See also 7 C.F.R. § 271.3(c)(1)(i)(h) (1975) (Former regulation promulgated under the Food Stamp Act of 1964). As noted, DPW upheld CBA's decision.

Although Ms. Jones characterizes the college bookstore credit as an "in-kind grant", we do not understand her to argue that the credit is not a vendor payment.

[ 50 Pa. Commw. Page 41]

Clearly it is under the above quoted regulation, for it is in the form of money paid by BVR, a source not a member of Ms. Jones' household, on behalf of and for the direct benefit of Ms. Jones and it is for an identifiable amount, $80 per semester.*fn3

Ms. Jones does claim that consideration of the college bookstore credit as a vendor payment and therefore income is contrary to Section 2014(d) of the Food Stamp Act, 7 U.S.C. § 2014(d), as amended by the Food Stamp Act of 1977, 7 U.S.C. § 2014(d) (1978-79 Supp.). This section of the Food Stamp Act of 1977 eliminated the concept of vendor payments as income. However, Section 1303(a) of the Food Stamp Act of 1977 (reprinted at note to 7 U.S.C. § 2011 (1978-79 Supp.)), provides that provisions of the Food Stamp Act of 1964 which are relevant to regulations promulgated under that Act shall remain in effect until the regulations are revoked, superseded, amended or modified by regulations issued under the Food Stamp Act of 1977. Since regulations were not promulgated under the 1977 Act until March 1, 1979, see 43 Fed. Reg. 47, 884, the present action, which was instituted in September of 1978, therefore proceeds under the Food Stamp Act of 1964 and its regulations, which allows the inclusion of vendor payments in determining

[ 50 Pa. Commw. Page 42]

    food stamp eligibility. 7 C.F.R. § 271.3(c)(1)(i) (1975) (Former regulation promulgated under the Food Stamp Act of 1964). See also Compton v. Tennessee Department of Public Welfare, 532 F.2d 561 (6th Cir. 1976).

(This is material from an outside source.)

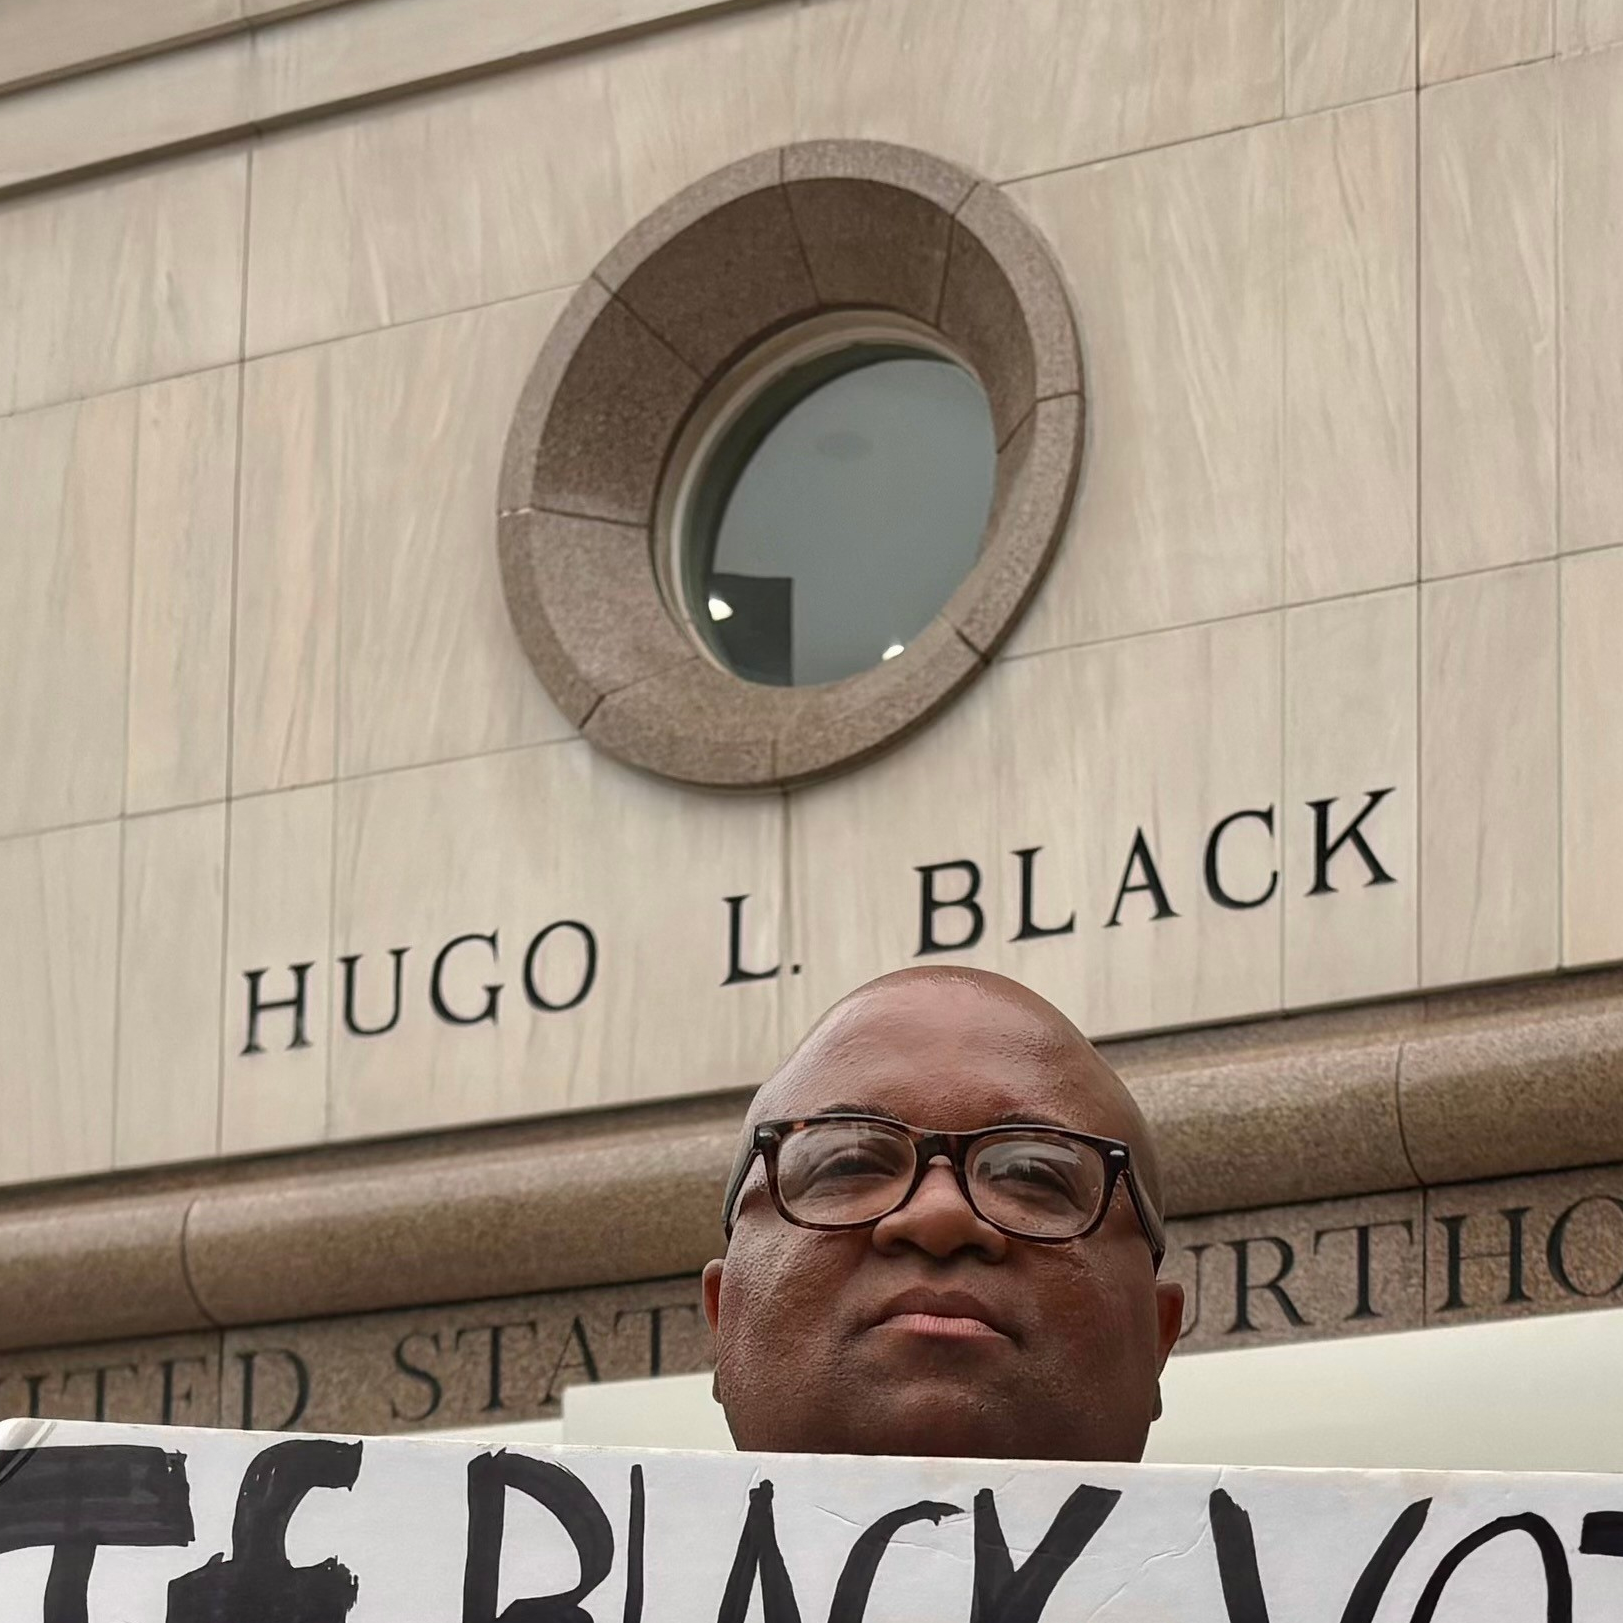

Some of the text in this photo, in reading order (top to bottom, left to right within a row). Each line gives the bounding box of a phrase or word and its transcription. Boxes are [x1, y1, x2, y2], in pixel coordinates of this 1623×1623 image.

Mrs. Jones also contends that a household's purchasing power must be increased before funds such as her college bookstore credit can be considered as income for food stamp purposes. See Dean v. Butz, 428 F. Supp. 477 (D. Haw. 1977). The credit here meets this requirement, for it permits money which would be spent by Ms. Jones on college books and supplies to be spent on food.

Accordingly, we enter the following:

Order

And Now, this 10th day of March, 1980, the order of the Pennsylvania Department of Public Welfare denying the appeal of Joyce L. Jones from the determination of the Lycoming County Board of Assistance is affirmed.

President Judge Bowman did not participate in the decision in this case.

Disposition

Affirmed.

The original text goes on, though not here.